> **Try it**:
Make an exact copy of all the records, one that contains none of the pictures.

> **Supplied records**:
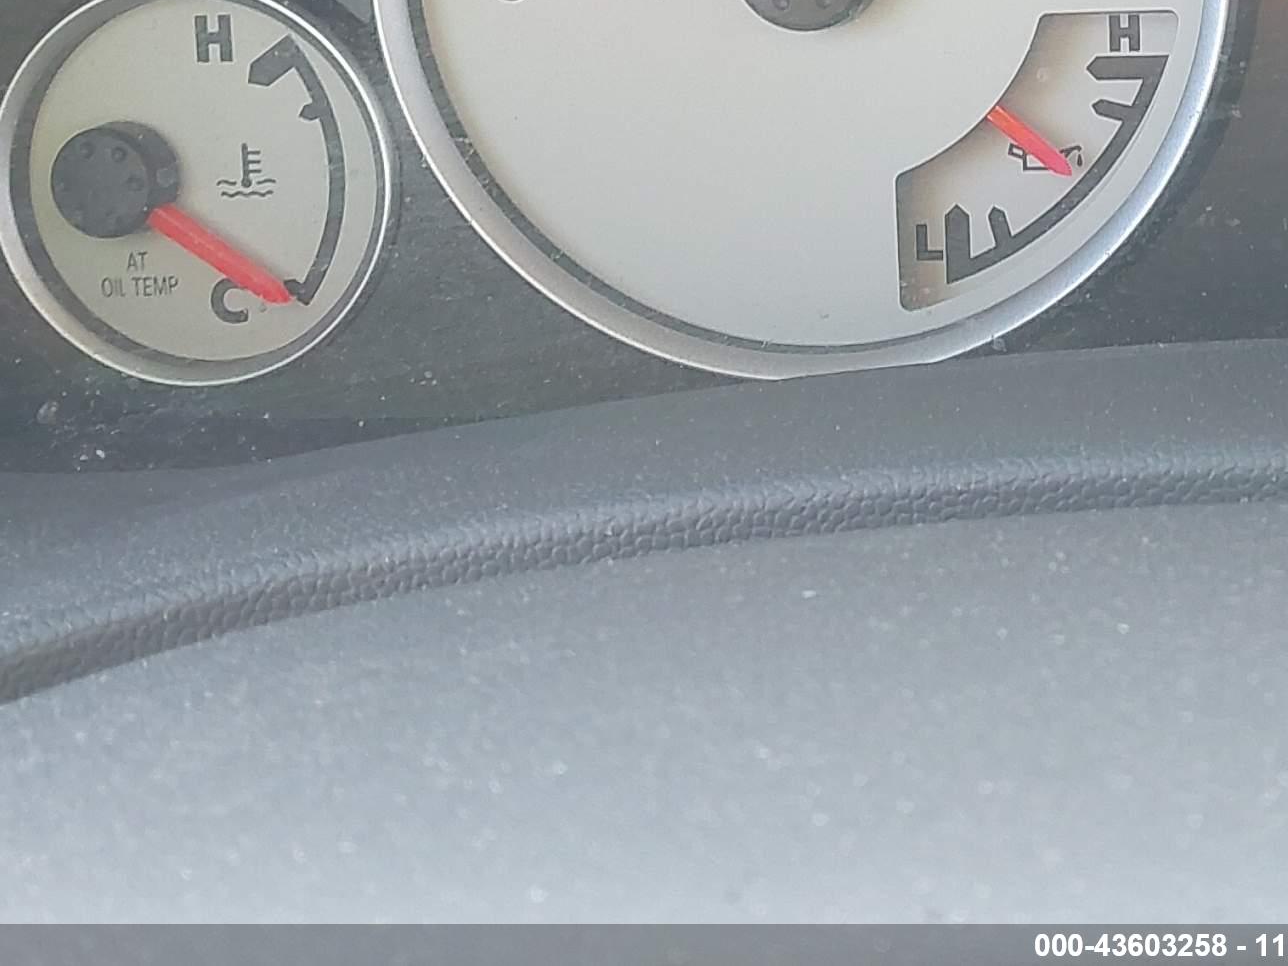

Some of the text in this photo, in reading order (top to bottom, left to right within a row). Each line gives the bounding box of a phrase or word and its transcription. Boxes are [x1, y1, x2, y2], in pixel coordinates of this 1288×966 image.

[194, 14, 233, 63] H
[1108, 14, 1140, 52] H
[127, 252, 147, 270] AT
[916, 223, 943, 261] L
[101, 277, 178, 297] OIL TEMP
[210, 278, 249, 324] C
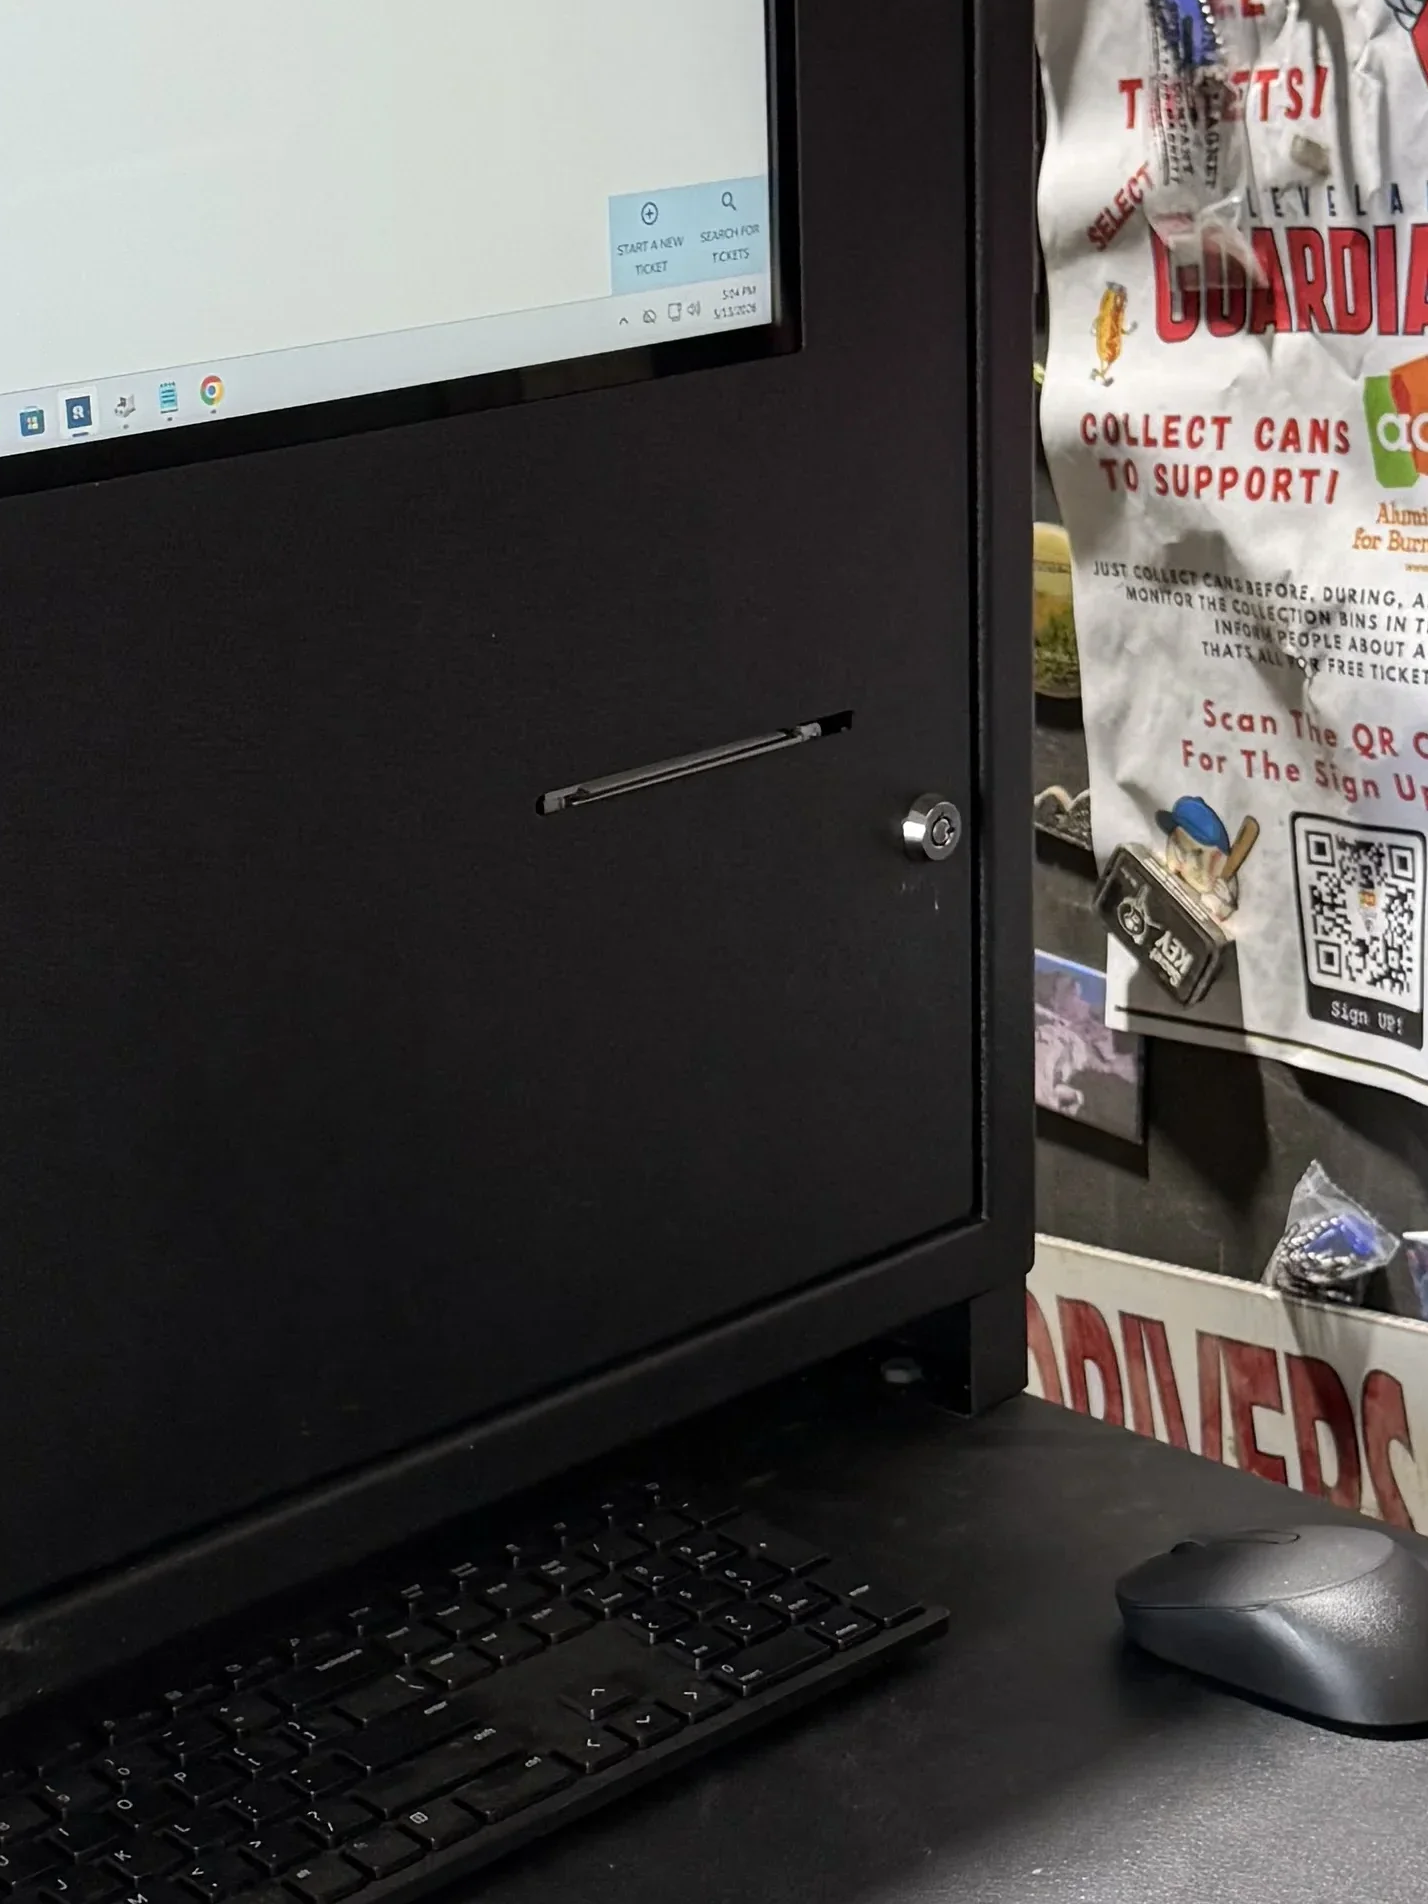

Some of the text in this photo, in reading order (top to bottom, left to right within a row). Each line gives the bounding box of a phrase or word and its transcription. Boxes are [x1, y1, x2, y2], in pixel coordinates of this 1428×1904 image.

[617, 236, 684, 256] START A NEW
[741, 224, 760, 237] FOR
[636, 261, 668, 275] TICKET
[1079, 412, 1352, 454] COLLECT CANS
[1100, 461, 1341, 506] TO SUPPORT!
[1352, 527, 1381, 550] for
[1092, 561, 1128, 577] JUST
[1133, 564, 1198, 586] COLLECT
[1202, 572, 1244, 595] CANS
[1246, 580, 1314, 603] BEFORE,
[1322, 585, 1402, 609] DURING,
[1126, 586, 1193, 609] MONITOR
[1198, 593, 1228, 612] THE
[1232, 598, 1332, 627] COLLECTION
[1339, 610, 1378, 630] BINS
[1387, 616, 1406, 633] IN
[1215, 619, 1272, 643] INFORM
[1278, 629, 1342, 651] PEOPLE
[1348, 637, 1405, 659] ABOUT
[1259, 647, 1285, 667] ALL
[1327, 658, 1365, 678] FREE
[1203, 699, 1278, 736] Scan
[1289, 710, 1338, 749] The
[1351, 723, 1398, 759] QR
[1181, 739, 1228, 776] For
[1240, 748, 1301, 783] The
[1314, 759, 1380, 805] Sign
[1330, 999, 1405, 1036] Sign UP!

> **Result below**:
Some of the text in this photo, in reading order (top to bottom, left to right within a row). Each line gives the bounding box of a phrase or word and its transcription. Boxes are [x1, y1, x2, y2], in pixel coordinates of this 1288×966 image.

[194, 14, 233, 63] H
[1108, 14, 1140, 52] H
[127, 252, 147, 270] AT
[916, 223, 943, 261] L
[101, 277, 178, 297] OIL TEMP
[210, 278, 249, 324] C

Some of the text in this photo, in reading order (top to bottom, left to right within a row). Each line gives the bounding box of a phrase or word and its transcription. Boxes are [x1, y1, x2, y2], in pixel coordinates of this 1428×1904 image.

[617, 236, 684, 256] START A NEW
[741, 224, 760, 237] FOR
[636, 261, 668, 275] TICKET
[1079, 412, 1352, 454] COLLECT CANS
[1100, 461, 1341, 506] TO SUPPORT!
[1352, 527, 1381, 550] for
[1092, 561, 1128, 577] JUST
[1133, 564, 1198, 586] COLLECT
[1202, 572, 1244, 595] CANS
[1246, 580, 1314, 603] BEFORE,
[1322, 585, 1402, 609] DURING,
[1126, 586, 1193, 609] MONITOR
[1198, 593, 1228, 612] THE
[1232, 598, 1332, 627] COLLECTION
[1339, 610, 1378, 630] BINS
[1387, 616, 1406, 633] IN
[1215, 619, 1272, 643] INFORM
[1278, 629, 1342, 651] PEOPLE
[1348, 637, 1405, 659] ABOUT
[1259, 647, 1285, 667] ALL
[1327, 658, 1365, 678] FREE
[1203, 699, 1278, 736] Scan
[1289, 710, 1338, 749] The
[1351, 723, 1398, 759] QR
[1181, 739, 1228, 776] For
[1240, 748, 1301, 783] The
[1314, 759, 1380, 805] Sign
[1330, 999, 1405, 1036] Sign UP!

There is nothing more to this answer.